Matthew MacNish said...

The biggest thing that's missing for me is a sense of what the conflict will be. I mean there is some mention of conflict, but it seems like all of it is from the backstory.

AlaskaRavenclaw said...

I think it'd be cool if the curse turned out to have been put on them by a magical ox slaughtered by the eponymous Butcher in the 13th century.

BuffySquirrel said...

It doesn't strike me that there's any compelling reason for Anna to think she's cursed. Her parents' marriage fell apart? She can't be the only kid at her school that's happened to. And best friendships and crushes are always chopping and changing at her age. Plus, many kids have annoying relatives.

All those things together may feel like too much, but really...what is the thing that makes her think it's a curse rather than just bad luck, or life being its usual crappy self? Did she read about curses somewhere, or did some other kid suggest the idea to her?

BuffySquirrel said...

Lol, I wouldn't think much of my magic if it didn't manage to prevent me being castrated then slaughtered.
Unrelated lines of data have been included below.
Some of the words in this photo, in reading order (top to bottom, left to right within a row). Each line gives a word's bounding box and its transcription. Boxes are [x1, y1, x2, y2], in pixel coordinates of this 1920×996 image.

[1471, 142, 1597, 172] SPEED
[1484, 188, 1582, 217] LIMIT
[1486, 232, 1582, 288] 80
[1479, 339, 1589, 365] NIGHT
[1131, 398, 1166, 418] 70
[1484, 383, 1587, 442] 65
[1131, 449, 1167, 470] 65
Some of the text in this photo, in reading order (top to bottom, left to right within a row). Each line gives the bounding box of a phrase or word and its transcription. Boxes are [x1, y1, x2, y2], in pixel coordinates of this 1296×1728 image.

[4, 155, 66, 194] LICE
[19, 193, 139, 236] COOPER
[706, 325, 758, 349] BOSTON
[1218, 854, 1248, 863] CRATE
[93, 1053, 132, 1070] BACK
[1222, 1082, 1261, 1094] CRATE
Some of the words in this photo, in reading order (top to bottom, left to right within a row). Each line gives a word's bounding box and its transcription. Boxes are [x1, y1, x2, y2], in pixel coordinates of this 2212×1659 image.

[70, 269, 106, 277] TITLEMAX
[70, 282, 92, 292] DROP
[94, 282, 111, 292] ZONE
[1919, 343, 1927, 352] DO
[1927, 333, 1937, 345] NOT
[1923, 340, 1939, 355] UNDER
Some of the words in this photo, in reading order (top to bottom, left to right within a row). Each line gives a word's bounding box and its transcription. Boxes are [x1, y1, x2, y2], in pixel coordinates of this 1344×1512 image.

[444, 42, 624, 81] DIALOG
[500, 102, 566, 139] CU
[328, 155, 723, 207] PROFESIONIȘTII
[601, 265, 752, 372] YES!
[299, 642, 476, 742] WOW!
The name Butcher doesn't actually bother me. It's common enough in my part of the world.

AlaskaRavenclaw said...

One of those names we didn't bother to bring with us, I guess, like Featherstonehaugh, Smellie and Higginbotham.

It might've been a lady ox. And magicians get slaughtered all the time. I have read Harry Potter and know.

R.T. said...

The last name, "Butcher," threw me off b/c I thought she was actually a butcher and had to reread...

This sounds like those books I used to devour as a child.

I do want to hear more about the curse, though, and what happens.

Really good query; am impressed with EE's insightful improvements to it.

150 said...

I know a Higginbottom. For what it's worth.

AlaskaRavenclaw said...

Sure, but a Higginbotham?

People with certain last names seem to have either never committed any worthwhile crimes, or to have committed crimes so worthwhile that they were treated to a short rope instead of a long trip to America.

And/or they never held religious views so extreme they required a change of address.

(Y'know, of those two particular ancient influences on our Nation Today, I kinda prefer the former.)

BuffySquirrel said...

A lady ox? Get thee to the dictionary!